The collapse of the eastern bloc was supposed to open up huge "new markets" and give rise to a new phase of economic development, peace and democracy. During the 1990s, predictions about this so-called economic development were supported by the media barrage about the "emerging countries" like Brazil or the countries of South East Asia. At the end of the 90s the "new economy" took up the baton, supposedly opening a new phase of expansion based on a technological revolution. What has the real story been? It has shown that all these have been false prophecies! After the poorest countries of the third world, which for two or three decades have seen a net fall in their GNP per inhabitant, we saw the fall of the "second world" with the economic collapse of the countries of the eastern bloc, and the bankruptcy of Russia and Brazil in 1998; Japan broke down at the beginning of the 90s and, eight years later, the whole of South East Asia was in serious trouble. The latter, which for a long time had been seen by the ideologues of capitalism as the new pole of development for the 21st century, began to fall by the wayside, along with a whole number of other "intermediate" or "emerging" countries. While the e-economies in the developed countries fell into an e-recession in 2000-2001, the emerging countries became the plunging countries. In these areas, the fragile economies were not capable of rising above debts amounting to tens of percent of the GNP. Thus, after the Mexican debt crisis at the beginning of the 80s, other countries lengthened the list: Brazil, Mexico again in 1994, the South East Asian countries, Russia, Turkey, Argentina, etc. The recession hitting the most developed countries was no longer limited to the old technological sectors (coal, steel, etc), or ones which had already reached their peak (shipbuilding, cars, etc) but the very sectors billed as the spearheads of the "new economy", the "new industrial revolution": computers, Internet, telecommunications, aeronautics, etc. In these branches, there have been hundreds of bankruptcies, restructurings, fusions, take-overs - and hundreds of thousands of redundancies, wage cuts and attacks on working conditions.
Today, with the crash in stock-exchange values in the sector that was supposed to be the key to this new prosperity, and with the recession already displaying its devastating effects, the ideological mystifications of the bourgeoisie about the crisis have begun to be seriously eroded. This is why the bourgeoisie is coming up with all sorts of false explanations about the current difficulties. It is obliged to hide as much as possible the gravity of the sickness affecting its system in order to prevent the proletariat from becoming aware that capitalism has reached a dead-end.

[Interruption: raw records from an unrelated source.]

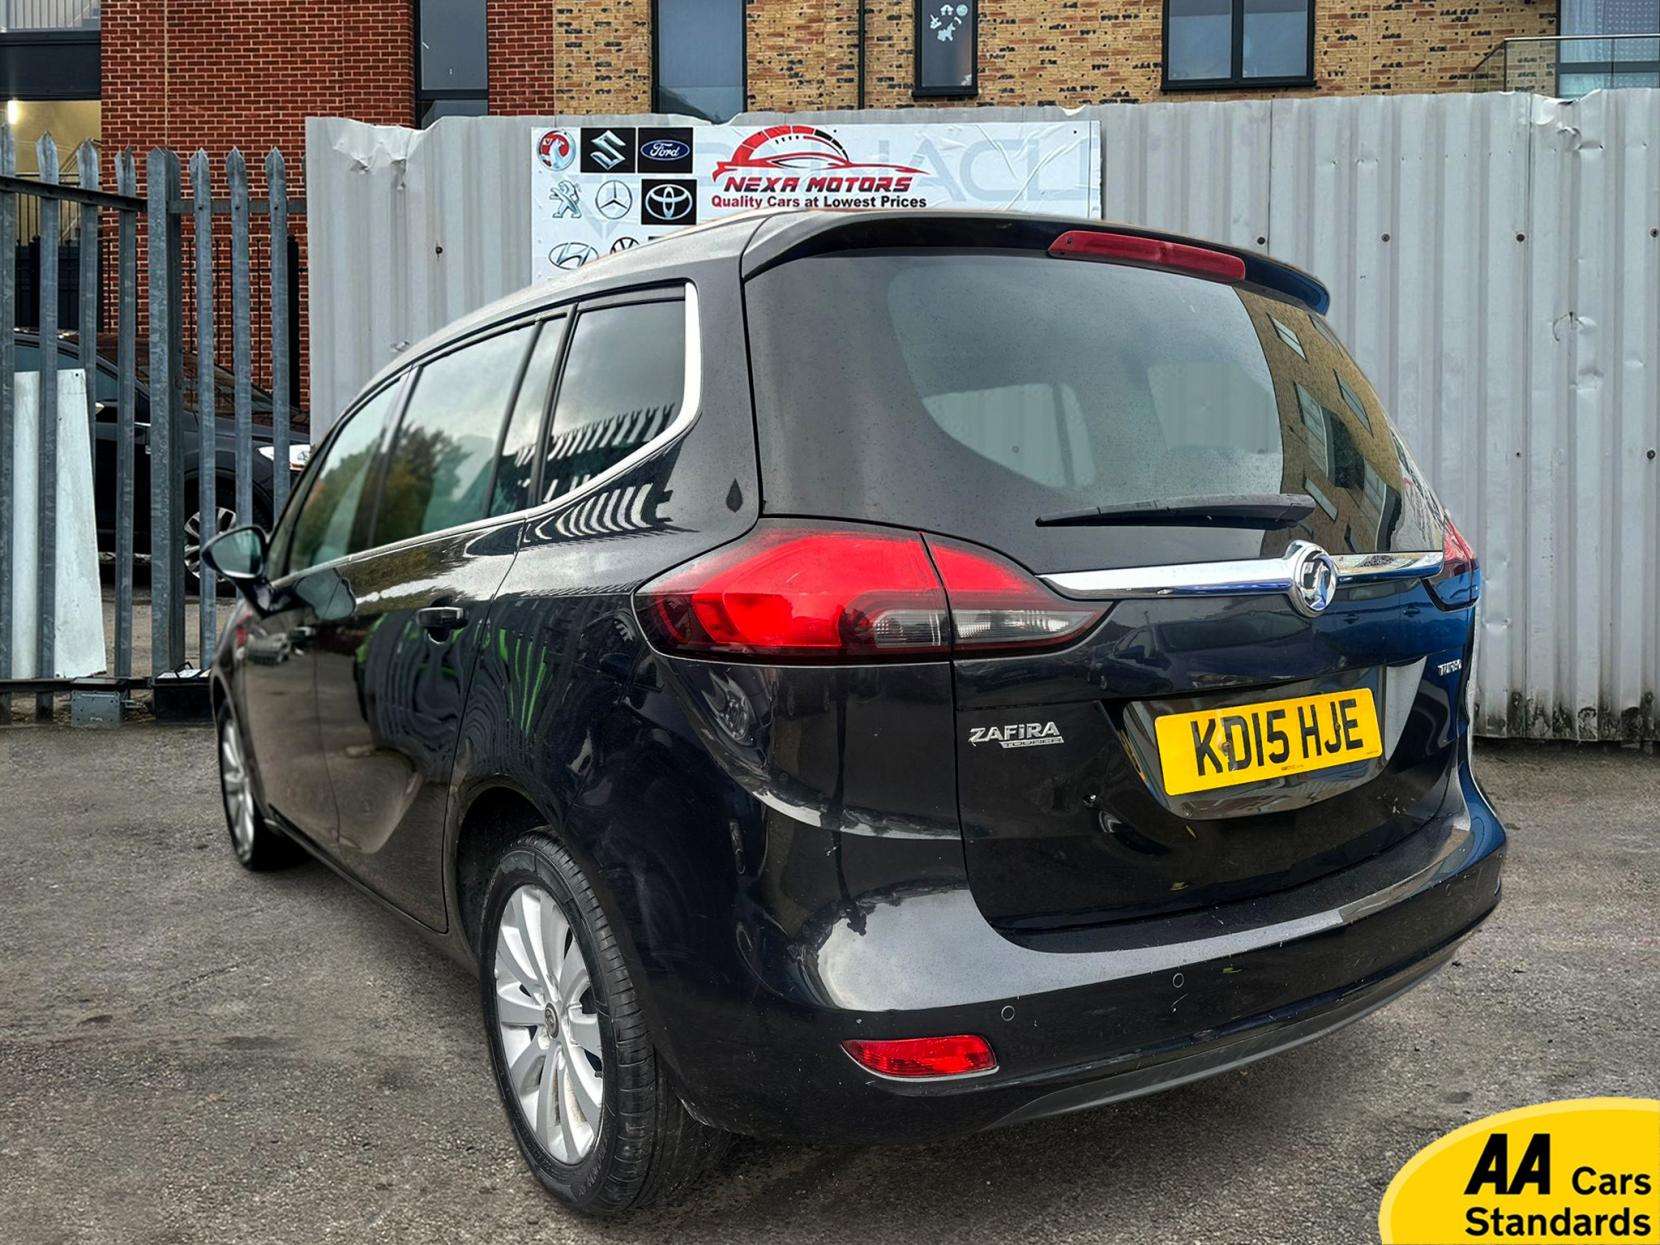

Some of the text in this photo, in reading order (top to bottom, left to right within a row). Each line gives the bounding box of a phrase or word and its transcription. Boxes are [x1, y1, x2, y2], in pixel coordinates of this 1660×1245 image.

[650, 142, 681, 157] Ford
[723, 176, 913, 193] NEXA MOTORS
[711, 195, 927, 210] Quality Cars at Lowest Prices
[968, 721, 1060, 746] ZAFIRA
[1190, 698, 1364, 777] KD15 HJE

Speculative bubble following the crisis in Asia
Capitalism plunges inexorably into the crisis
As opposed to what the ruling class tells us, the latest dive in the economy is not the product of the collapse of the Twin Towers in the United States, even if that was an exacerbating factor, in particular for certain economic sectors such as air transport or tourism. The slow-down of American growth goes back to the bursting of the internet bubble in March 2000 and the level of economic activity was already weak at the end of summer 2001. As the experts of the OECD emphasised "the economic deceleration which began in the United States in 2000 and spread to other countries has been transformed into a world reflux of economic activity, from which few countries or regions have escaped" (Le Monde, 21 November 2001). The current economic crisis thus has nothing specifically American about it.

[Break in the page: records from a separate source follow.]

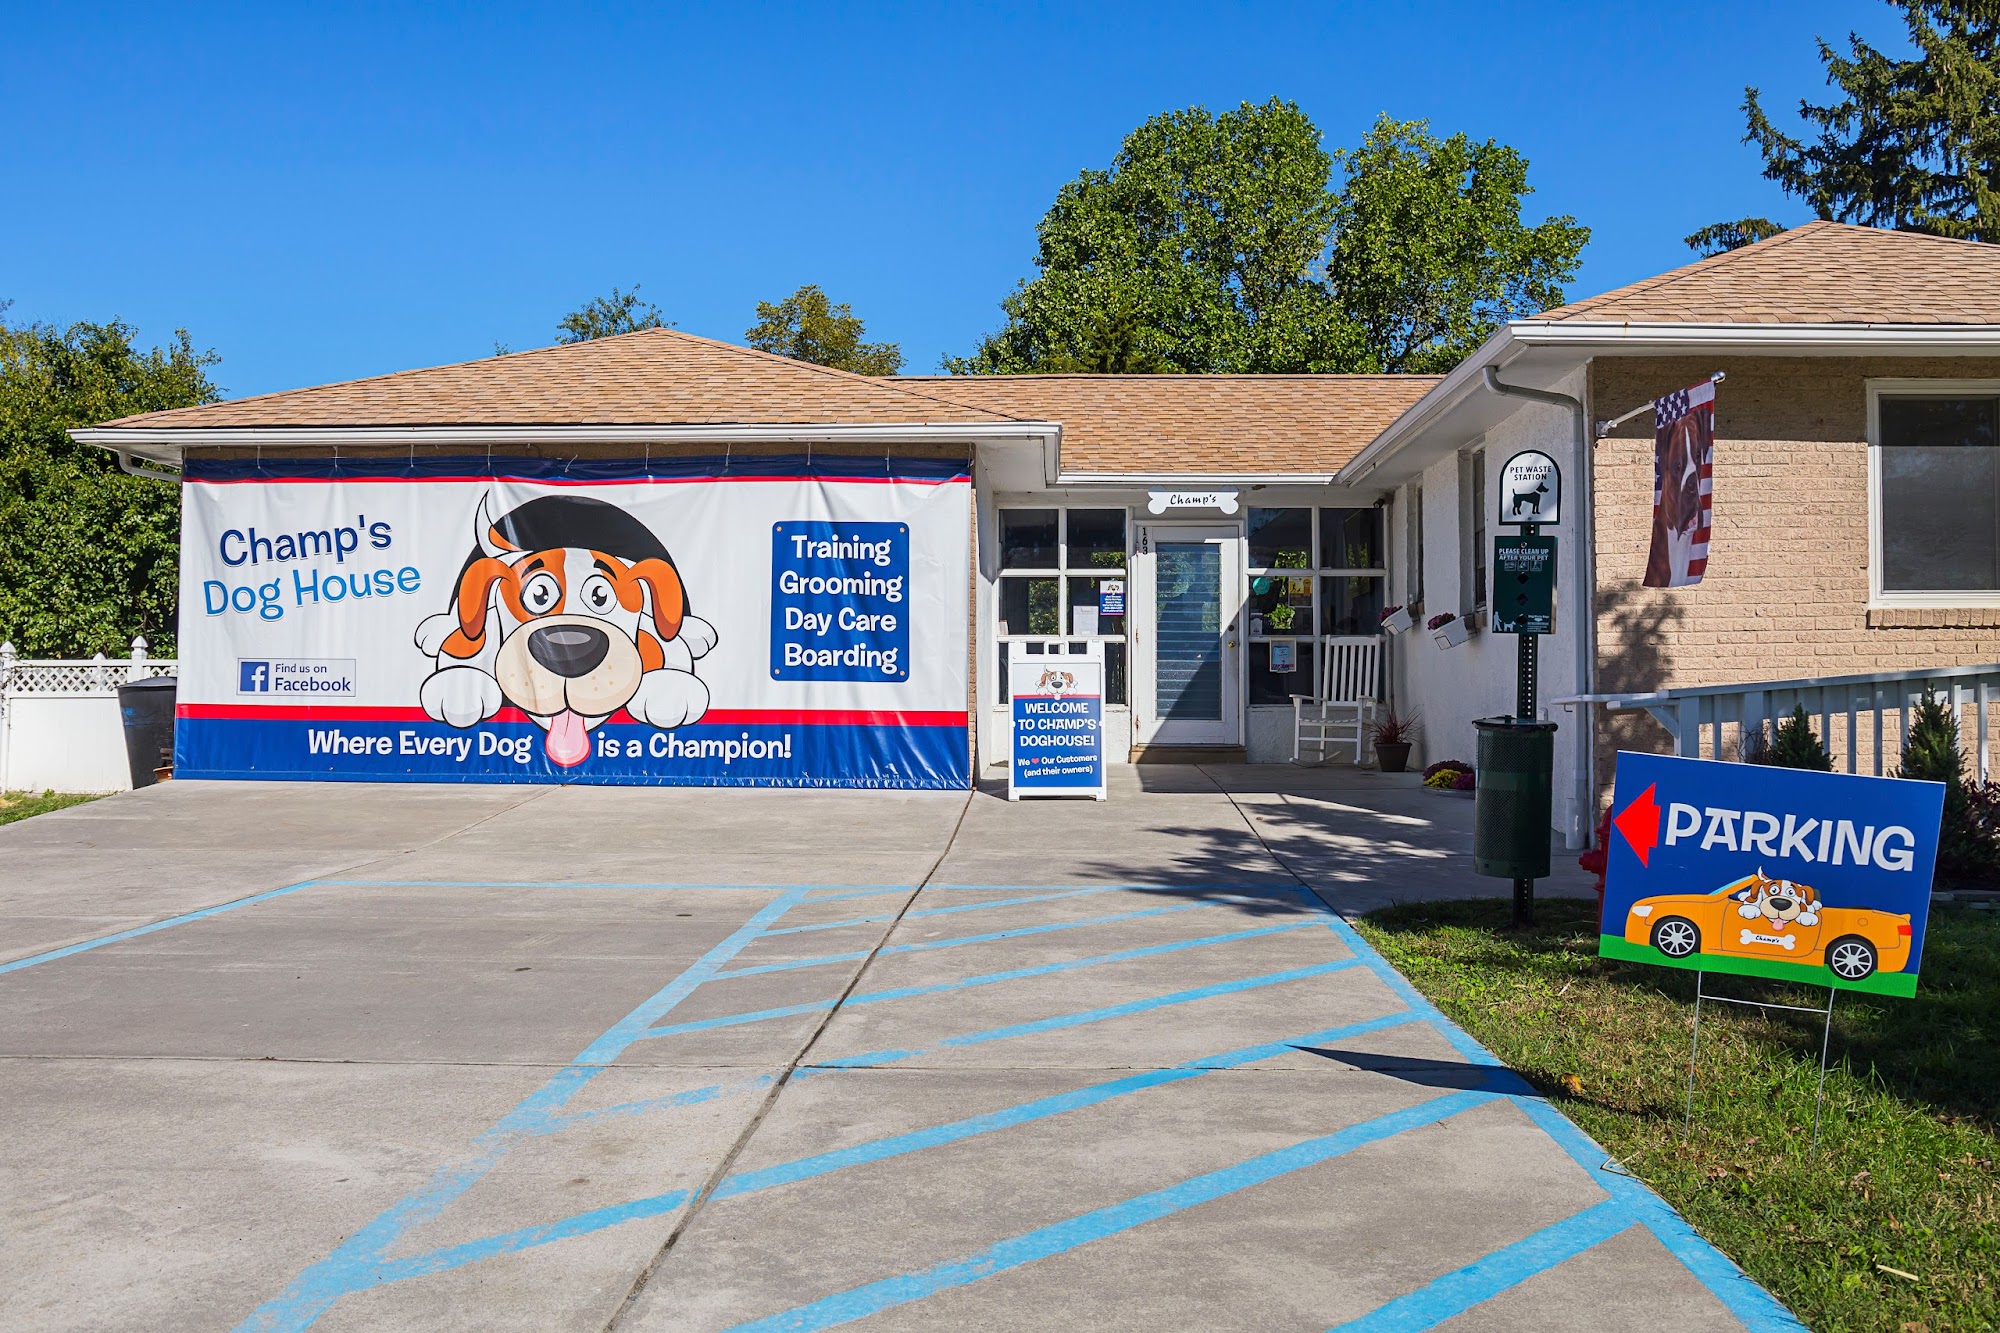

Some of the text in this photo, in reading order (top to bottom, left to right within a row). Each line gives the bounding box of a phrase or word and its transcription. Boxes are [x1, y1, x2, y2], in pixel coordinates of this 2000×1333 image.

[1514, 473, 1547, 481] STATION
[1170, 494, 1216, 505] Champ's
[220, 514, 392, 566] Champ's
[791, 534, 891, 566] Training
[203, 566, 421, 621] Dog House
[779, 570, 903, 603] Grooming
[785, 606, 897, 636] Day Care
[784, 642, 898, 675] Boarding
[275, 663, 327, 673] Find us on
[275, 676, 351, 692] Facebook
[1024, 702, 1089, 714] WELCOME
[1018, 718, 1096, 730] TO CHAMP'S
[308, 728, 792, 765] Where Every Dog is a Champion!
[1020, 735, 1095, 747] DOGHOUSE!
[1041, 756, 1055, 765] Our
[1056, 754, 1098, 764] Customers
[1024, 764, 1093, 778] (and their owners)
[1665, 802, 1916, 872] PARKING
[1755, 935, 1780, 944] Champ's

OECD GDP growth 1962-2002: Gradual decline of mean growth per decade since the 1960s
The capitalist system has entered its sixth phase of recession since the resurgence of the crisis at the end of the Sixties: 1967, 1970-71, 1974-75, 1980-82, 1991-93 and 2001 -?, without counting the collapse of the South East Asian countries, of Brazil, etc in the years 1997-98. Since the Sixties, each decade has shown a growth rate lower than the preceding one:
1962-69 = 5.2%
1970-79 = 3.5%
1980-89 = 2.8%
1990-99 = 2.6%
2000-02 = 2.2%
In 2002, growth in the Euro zone hardly reached 0.7%, and although the USA stayed at 2.4% this was still a less elevated figure than during the 1990s. As a matter of fact, if we look at the "fundamentals", the US economy has been marking time since 1997, because that was when the rate of profit stopped progressing.

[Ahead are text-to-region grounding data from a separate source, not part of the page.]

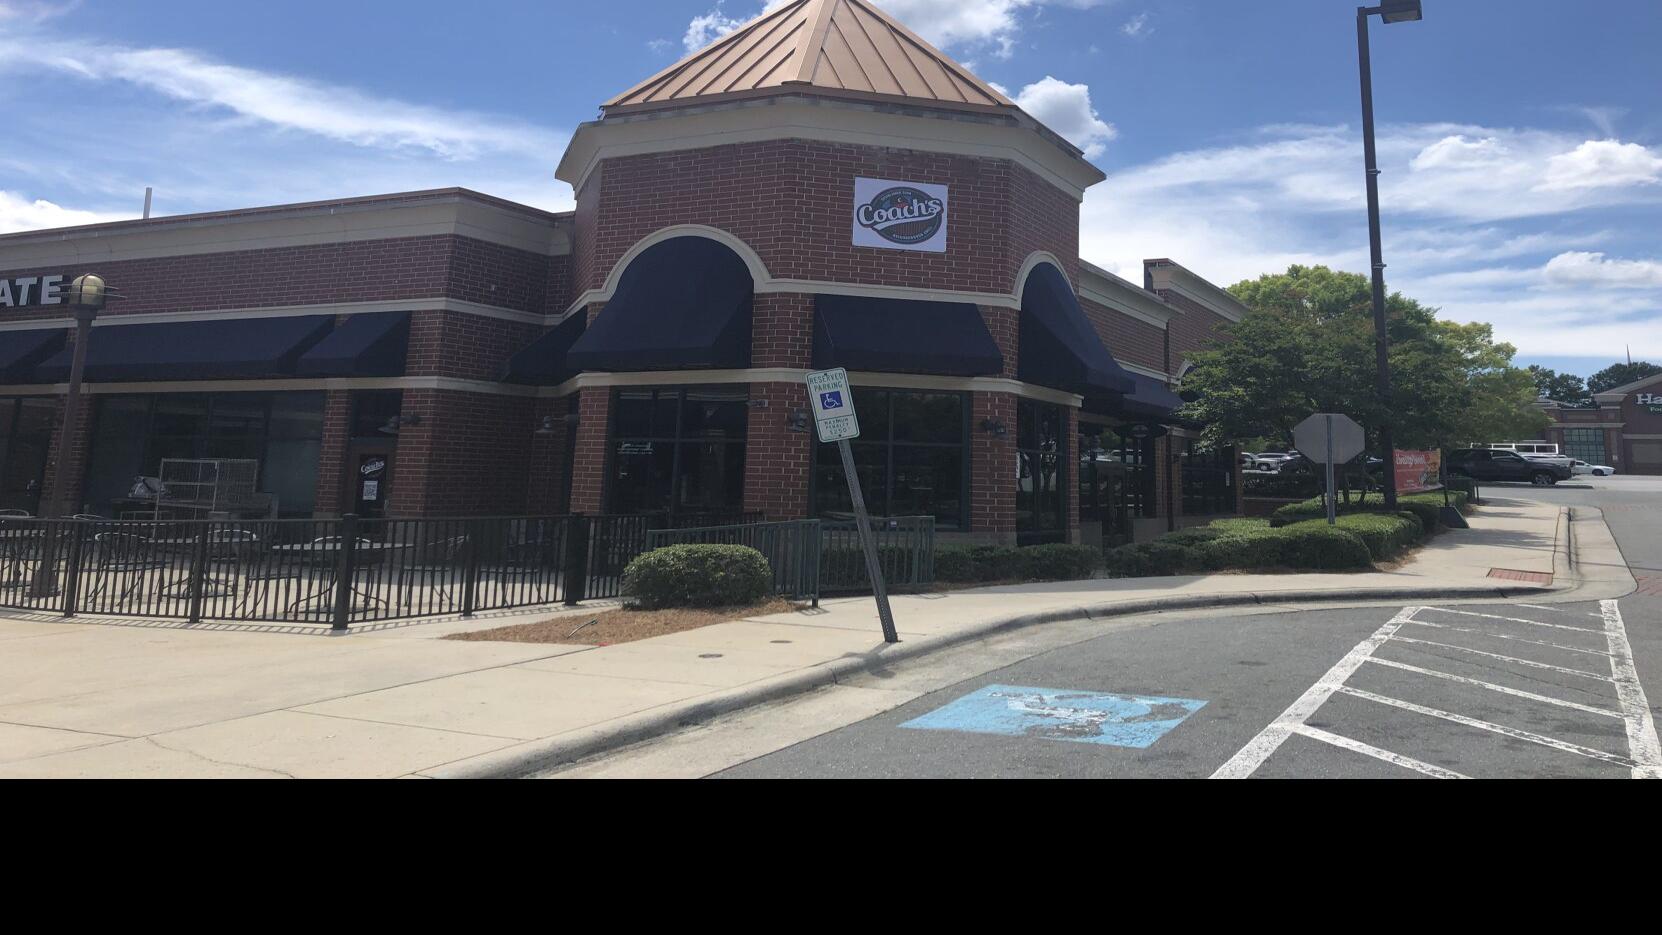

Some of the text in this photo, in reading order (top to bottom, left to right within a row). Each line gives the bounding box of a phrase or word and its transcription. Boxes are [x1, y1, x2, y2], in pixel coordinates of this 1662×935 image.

[858, 198, 942, 226] Coach's
[0, 275, 63, 307] ATE
[809, 372, 844, 385] RESERVED
[813, 381, 843, 392] PARKING
[824, 417, 849, 425] MAXIMUM

What characterises the current recession, according to the bourgeois commentators' own statements, is the speed and the intensity of its development. The United States, the first economy of the world, very quickly plunged into recession. The fall of the American GDP is faster than at the time of the preceding recession and the aggravation of unemployment has reached a record unequalled since the 1974 crisis. Japan, the second economy of the world, fares no better. Even with negative real interest rates (in Japan, households and enterprises actually gain money by borrowing!) consumption and investment have not picked up. Despite massive revival plans, the Japanese economy has just plunged into recession for the third time. It's the strongest crisis for 20 years and according to the IMF, Japan could, for the first time since the war, go through two consecutive years of contracting economic activity. This latter accounts for 130% of GDP today and should reach 153% in 2003.
The intensification of the contradictions of decadent capitalism
In the 19th century, during the ascendant period of capitalism, the net budgetary position of public finance (the difference between income and expenditure) of the six big countries (the US, Japan, Canada, France, GB, Italy) was only occasionally in deficit, primarily due to wars. This balance was otherwise stable and in constant improvement between 1870 and 1910. The contrast is striking in decadence, where the deficit is quasi-permanent except for four years at the end of the Twenties and twenty years between 1950 and 1970. Here again the main reason for this is war, as well as economic crises.
The weight of the national debt expressed as a percentage of the GDP decreases throughout the ascending period. In general it never exceeds 50%. This ratio explodes at the time of the entry into decline, to ebb only during the period 1950-80, but without ever going down below 50%. It then goes up during the years 1980-90.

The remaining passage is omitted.